• _Directions for this task_: For every entry, reproduce the wording exactly and omit any image it holds.

Collection entries:

+++

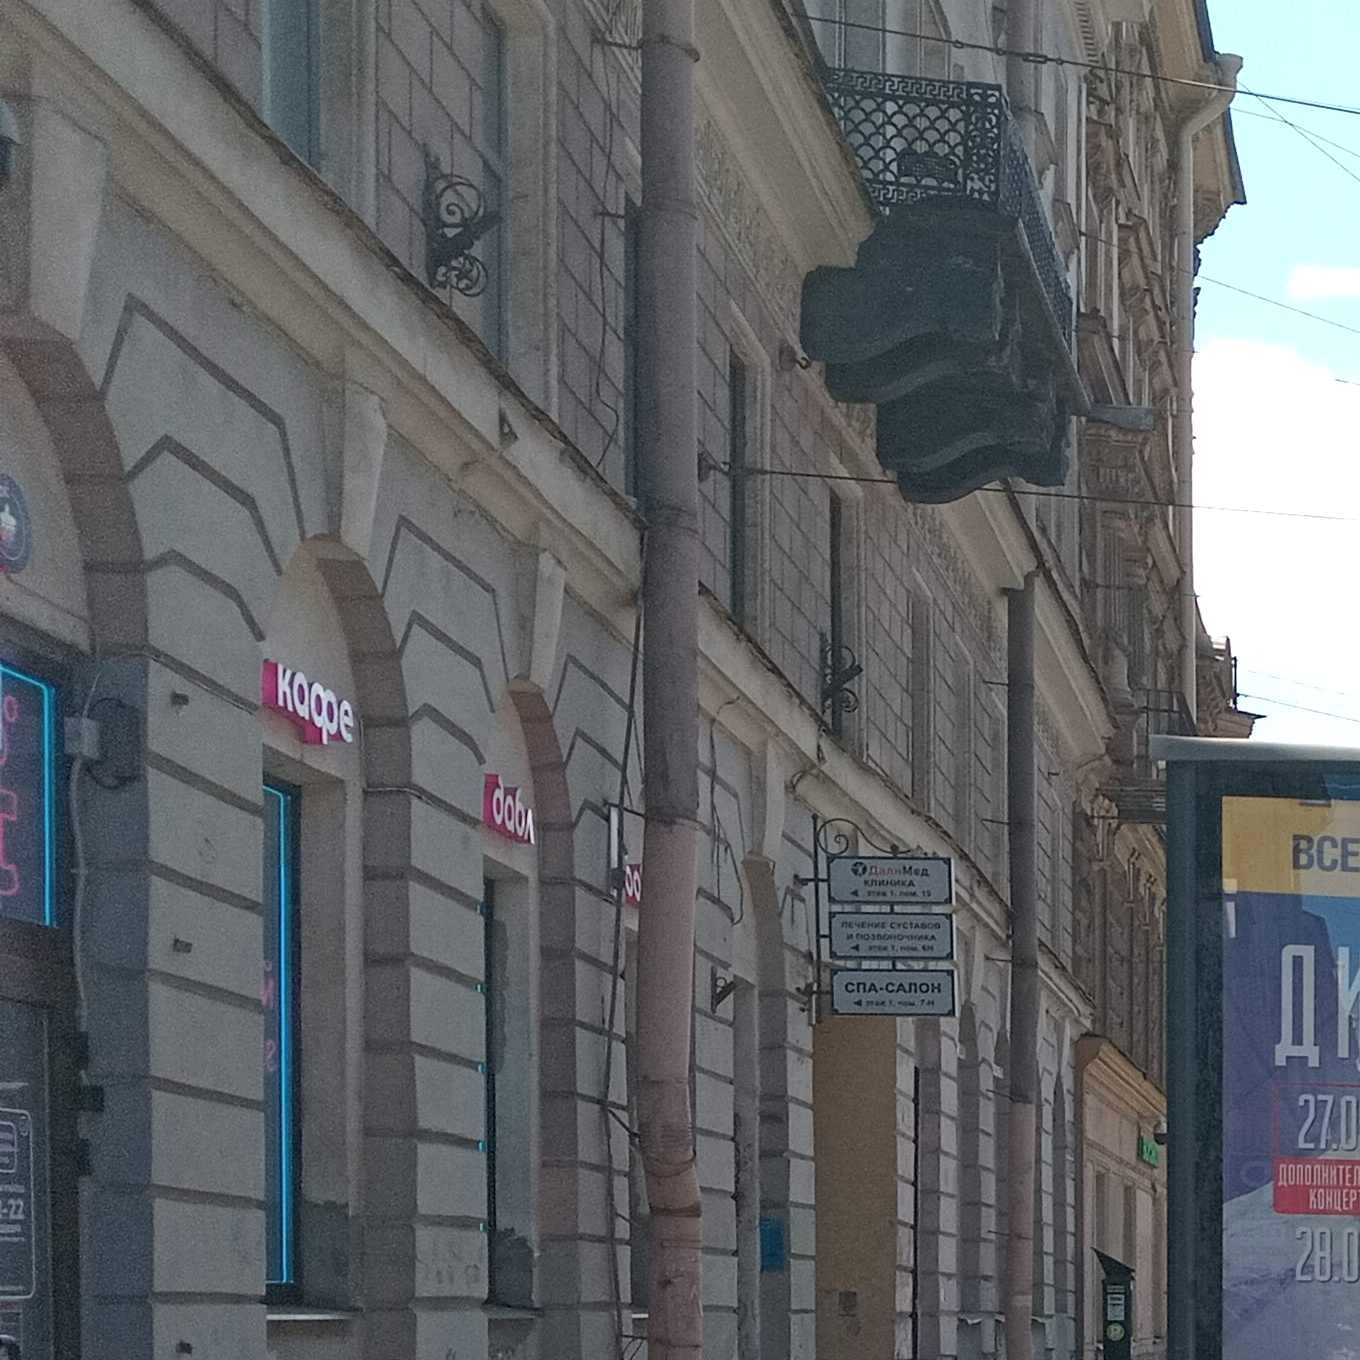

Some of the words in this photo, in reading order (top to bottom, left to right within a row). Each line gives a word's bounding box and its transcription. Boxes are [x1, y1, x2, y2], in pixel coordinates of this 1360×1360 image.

[277, 663, 354, 745] кафе
[1291, 834, 1360, 873] ВСЕ
[844, 981, 942, 994] СПА-САЛОН
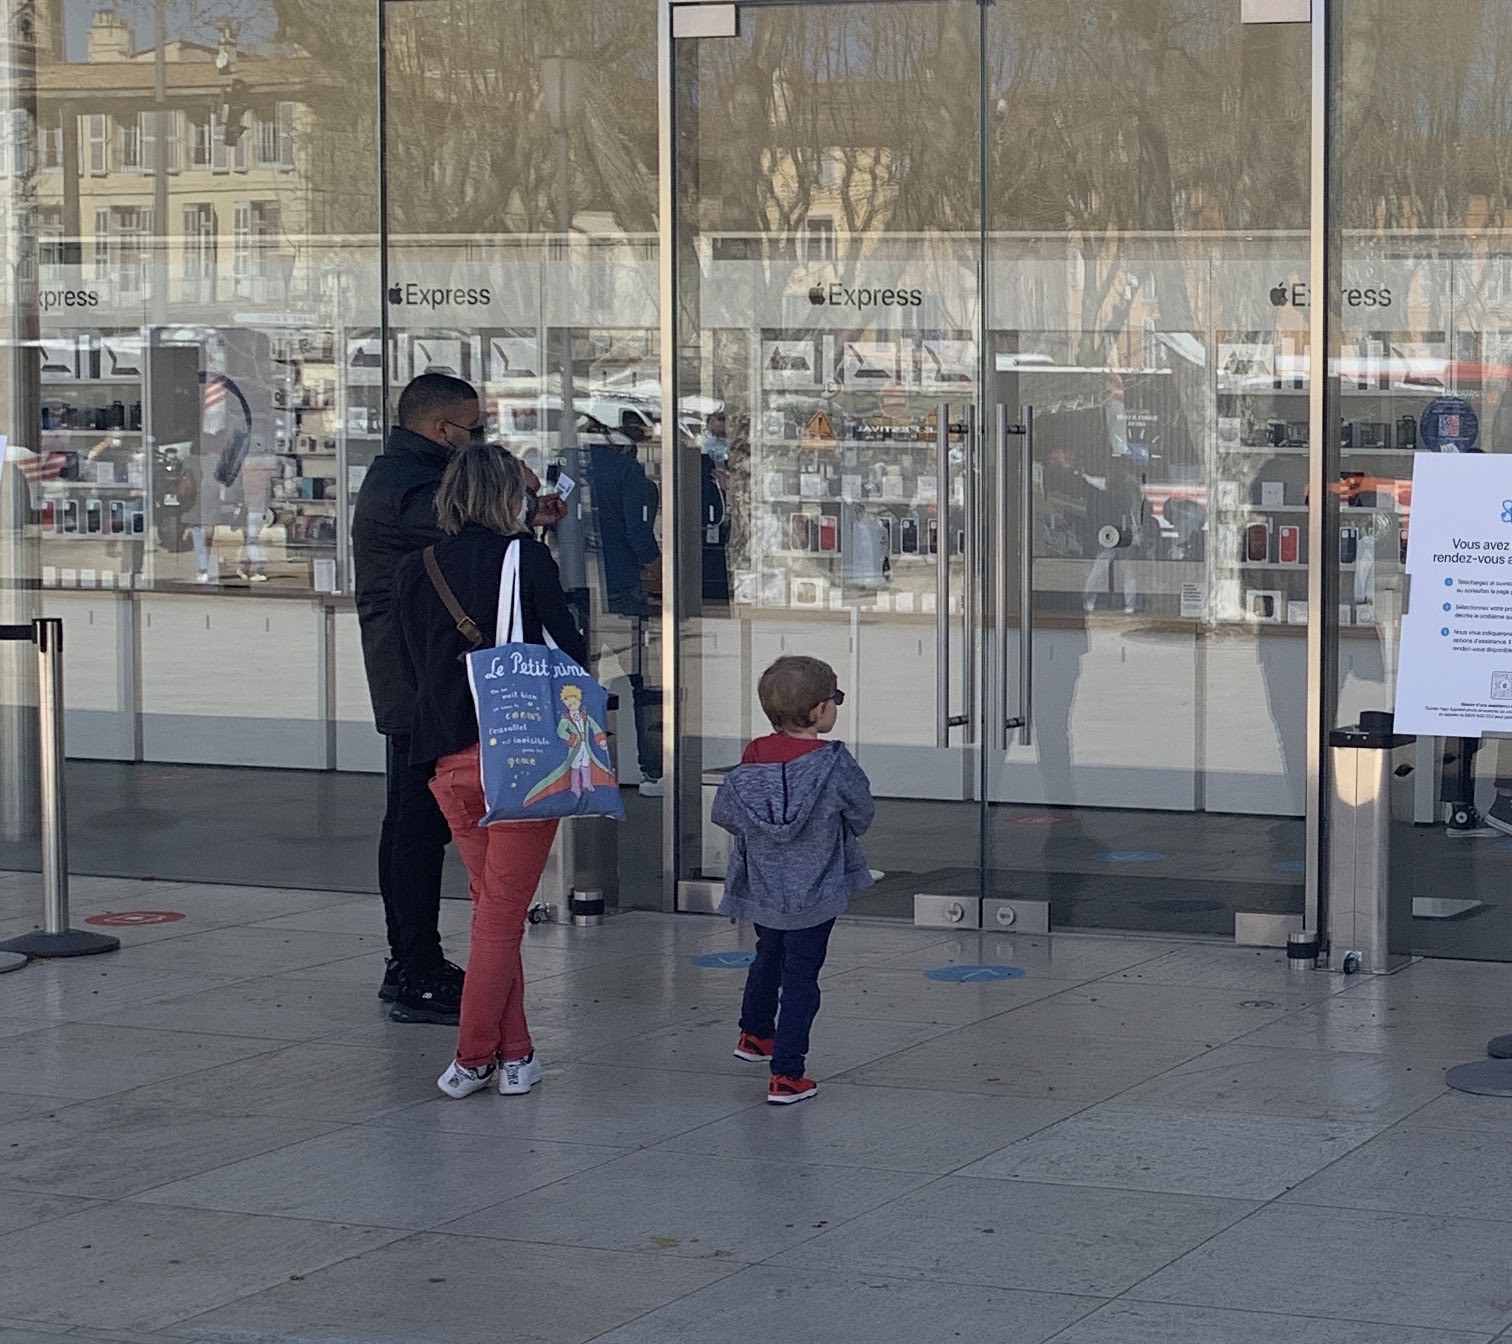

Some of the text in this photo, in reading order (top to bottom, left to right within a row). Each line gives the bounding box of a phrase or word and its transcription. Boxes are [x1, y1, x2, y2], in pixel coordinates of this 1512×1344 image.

[40, 290, 98, 311] press
[406, 283, 490, 310] Express
[829, 283, 922, 311] Express
[1292, 283, 1391, 307] Eress
[1452, 538, 1480, 550] Vous
[1483, 540, 1510, 551] avez
[1433, 553, 1505, 564] rendez-vous
[485, 656, 505, 679] Le
[510, 652, 550, 676] Petit

+++

• _Response below_:
Some of the words in this photo, in reading order (top to bottom, left to right within a row). Each line gives a word's bounding box and its transcription. Boxes are [x1, y1, x2, y2], in pixel coordinates of this 1360×1360 image.

[277, 663, 354, 745] кафе
[1291, 834, 1360, 873] ВСЕ
[844, 981, 942, 994] СПА-САЛОН

Some of the text in this photo, in reading order (top to bottom, left to right within a row). Each line gives the bounding box of a phrase or word and its transcription. Boxes are [x1, y1, x2, y2], in pixel coordinates of this 1512×1344 image.

[40, 290, 98, 311] press
[406, 283, 490, 310] Express
[829, 283, 922, 311] Express
[1292, 283, 1391, 307] Eress
[1452, 538, 1480, 550] Vous
[1483, 540, 1510, 551] avez
[1433, 553, 1505, 564] rendez-vous
[485, 656, 505, 679] Le
[510, 652, 550, 676] Petit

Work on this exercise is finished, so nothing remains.